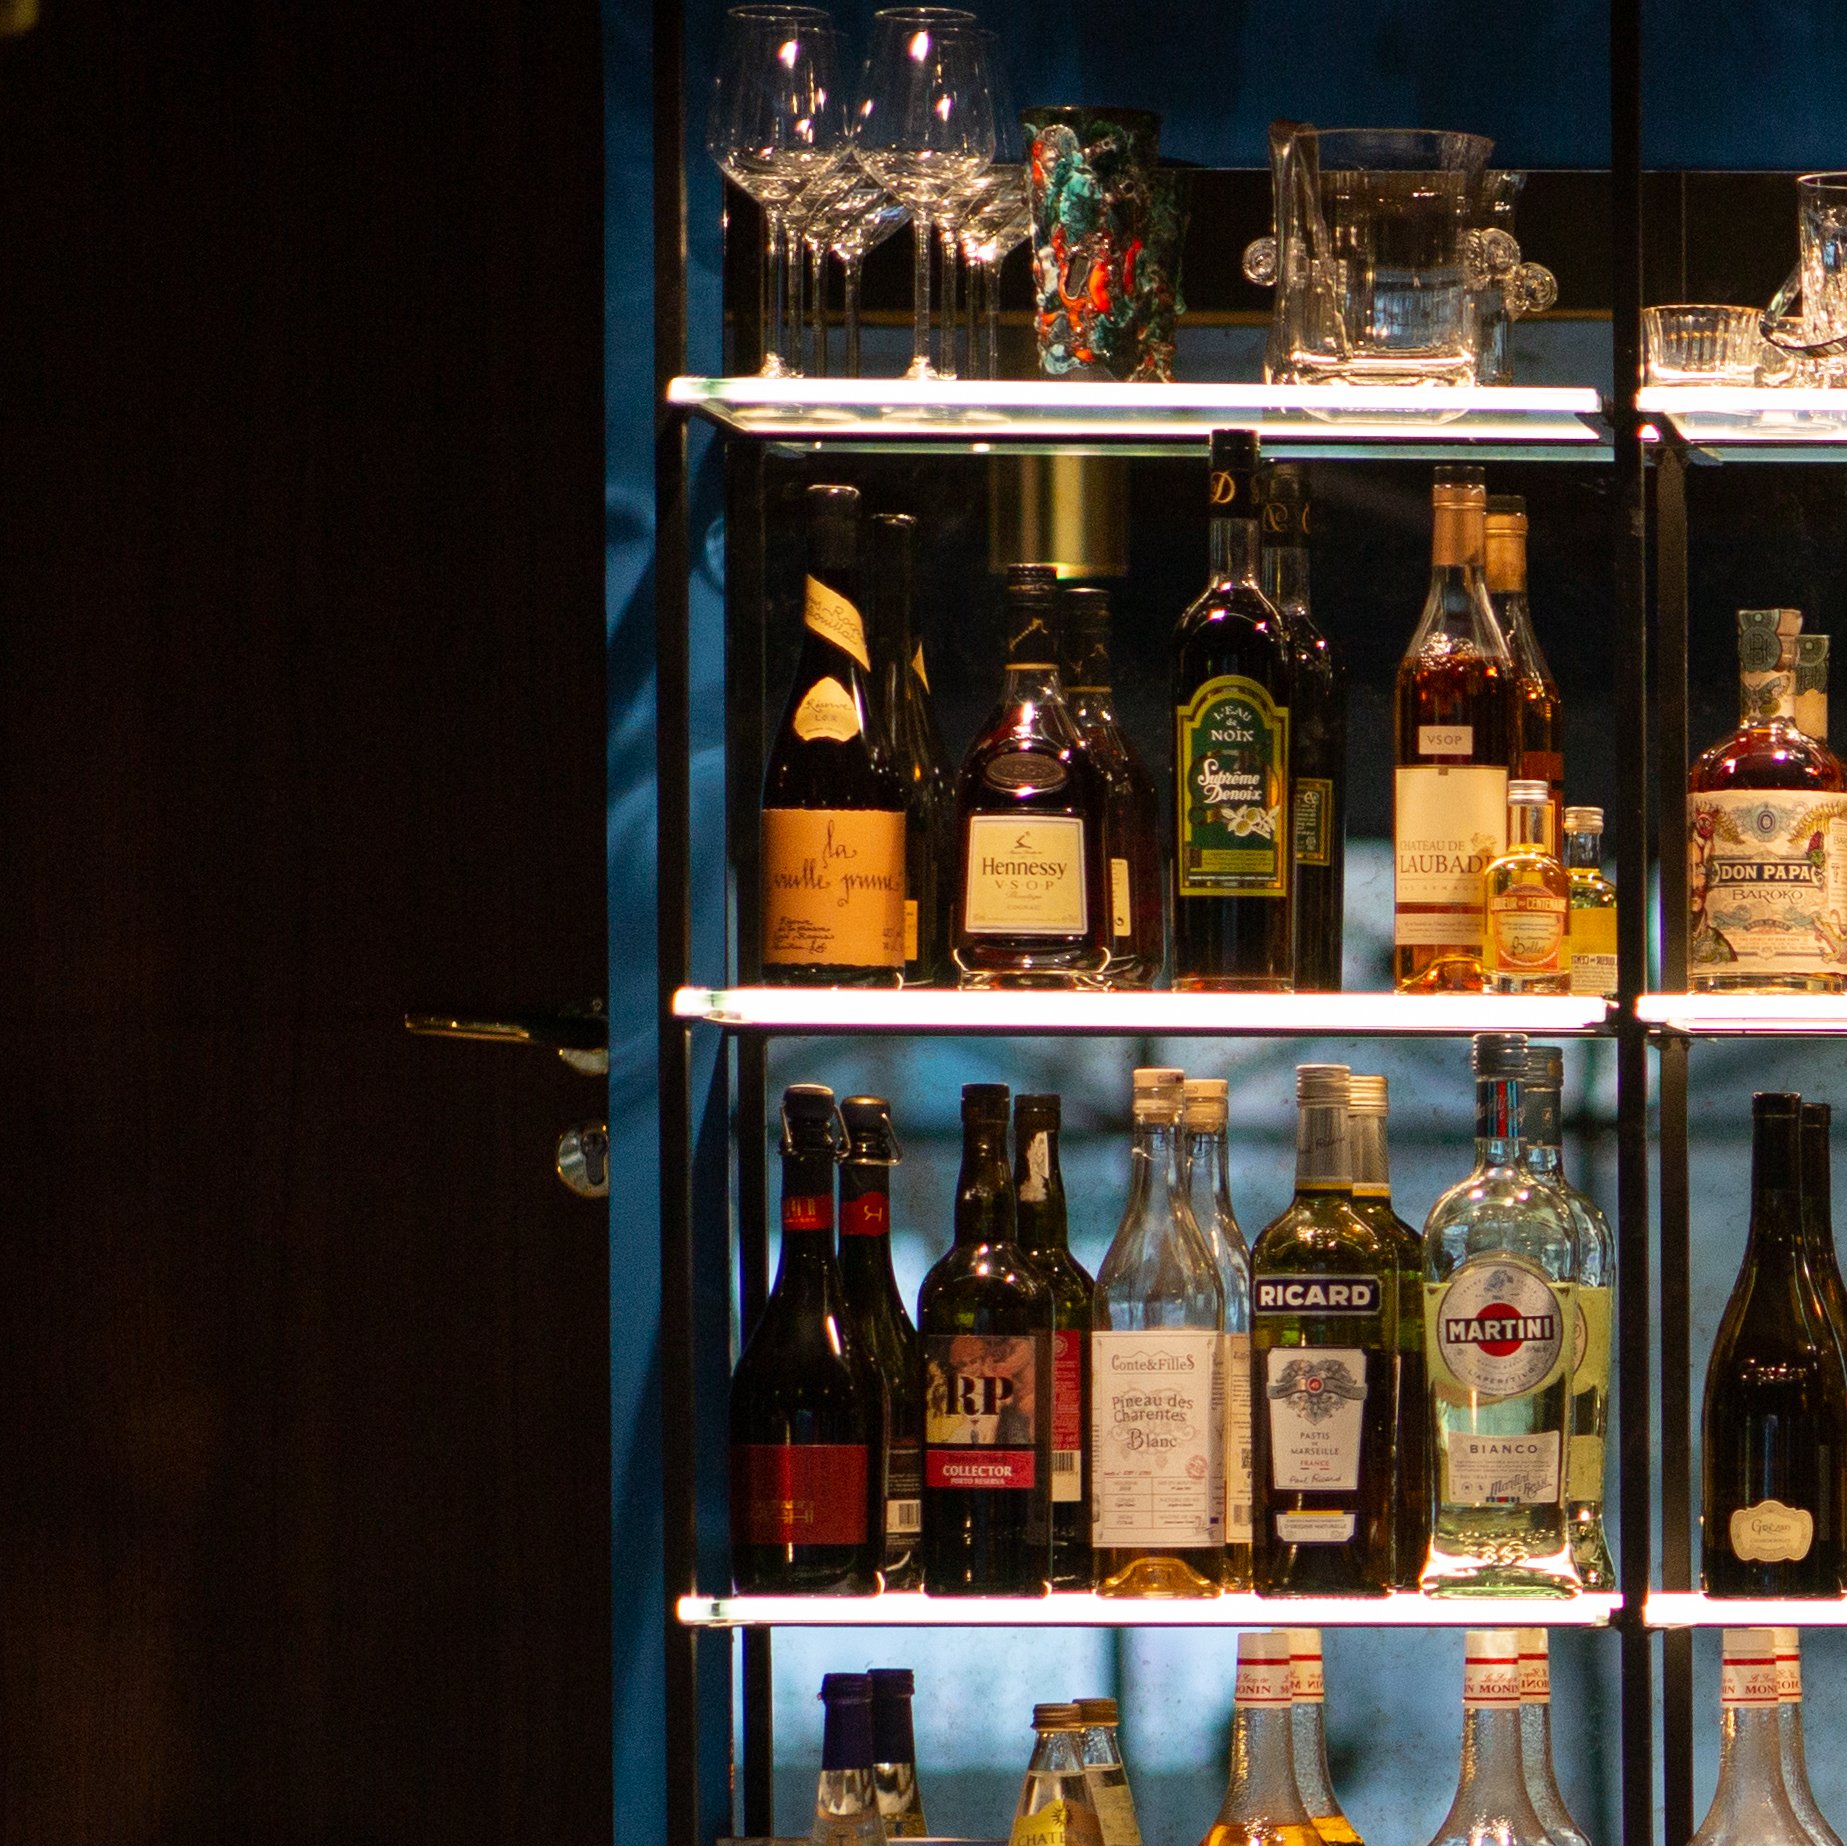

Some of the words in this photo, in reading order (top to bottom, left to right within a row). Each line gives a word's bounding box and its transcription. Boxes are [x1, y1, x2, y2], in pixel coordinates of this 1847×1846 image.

[1213, 705, 1253, 723] L'EAU
[1426, 733, 1464, 747] VSOP
[1203, 784, 1263, 804] Denoix
[1451, 840, 1466, 851] DE
[981, 857, 1067, 880] Hennessy
[1720, 864, 1758, 881] DON
[1763, 864, 1811, 881] PAPA
[1732, 889, 1804, 904] BAROKO
[1259, 1285, 1372, 1307] RICARD
[1449, 1316, 1551, 1342] MARTINI
[944, 1376, 1014, 1416] RP
[1113, 1395, 1163, 1410] Pineau
[1167, 1394, 1195, 1410] des
[1113, 1408, 1187, 1424] Charentes
[1126, 1427, 1178, 1451] Blanc
[1300, 1431, 1331, 1441] PASTIS
[1290, 1447, 1340, 1456] MARSEILLE
[1469, 1443, 1539, 1455] BIANCO
[942, 1465, 1013, 1477] COLLECTOR
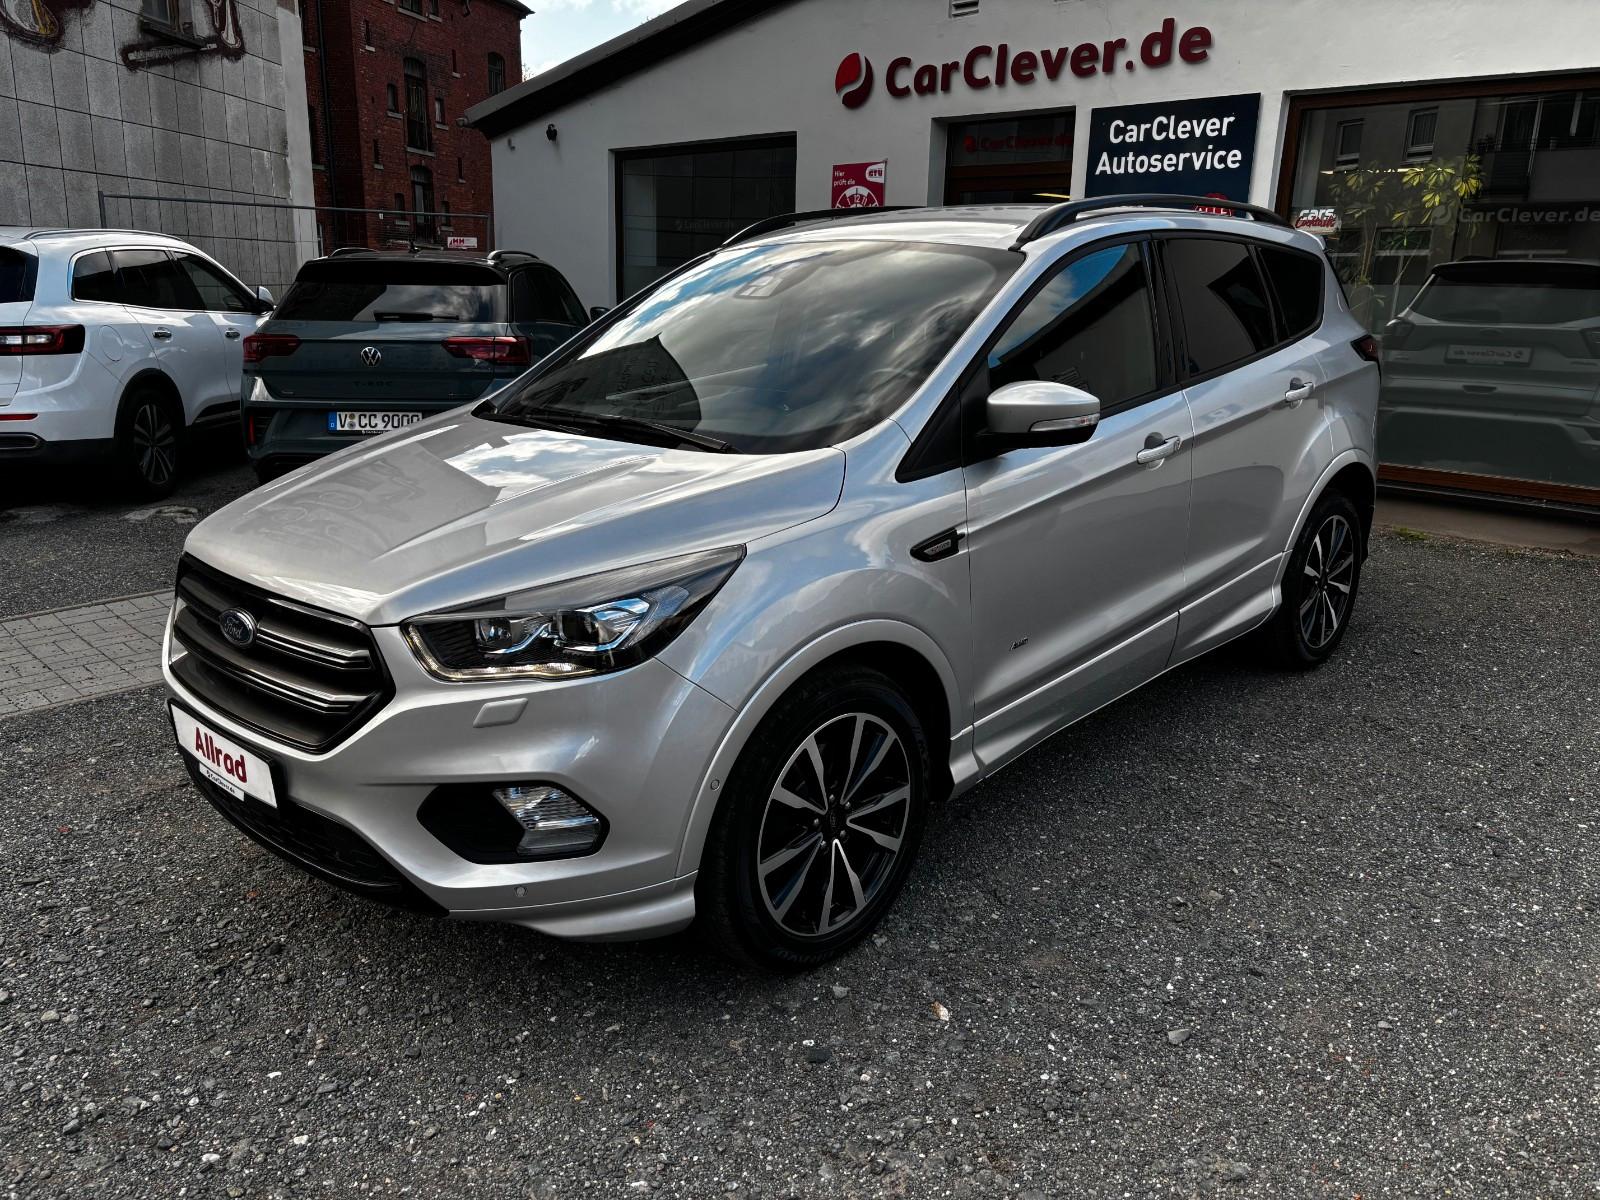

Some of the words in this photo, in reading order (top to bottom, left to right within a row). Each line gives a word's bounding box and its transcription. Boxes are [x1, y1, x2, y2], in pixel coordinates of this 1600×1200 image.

━━━━━━━━━━━━━━━━━━━━━━━━━━━━━━

Problem requirements — Print the listing verbatim, images excluded.

Final answer —
Some of the words in this photo, in reading order (top to bottom, left to right within a row). Each line gives a word's bounding box and its transcription. Boxes are [x1, y1, x2, y2], in pixel coordinates of this 1847×1846 image.

[1213, 705, 1253, 723] L'EAU
[1426, 733, 1464, 747] VSOP
[1203, 784, 1263, 804] Denoix
[1451, 840, 1466, 851] DE
[981, 857, 1067, 880] Hennessy
[1720, 864, 1758, 881] DON
[1763, 864, 1811, 881] PAPA
[1732, 889, 1804, 904] BAROKO
[1259, 1285, 1372, 1307] RICARD
[1449, 1316, 1551, 1342] MARTINI
[944, 1376, 1014, 1416] RP
[1113, 1395, 1163, 1410] Pineau
[1167, 1394, 1195, 1410] des
[1113, 1408, 1187, 1424] Charentes
[1126, 1427, 1178, 1451] Blanc
[1300, 1431, 1331, 1441] PASTIS
[1290, 1447, 1340, 1456] MARSEILLE
[1469, 1443, 1539, 1455] BIANCO
[942, 1465, 1013, 1477] COLLECTOR

Some of the words in this photo, in reading order (top to bottom, left to right within a row). Each line gives a word's bounding box and its transcription. Boxes are [x1, y1, x2, y2], in pixel coordinates of this 1600×1200 image.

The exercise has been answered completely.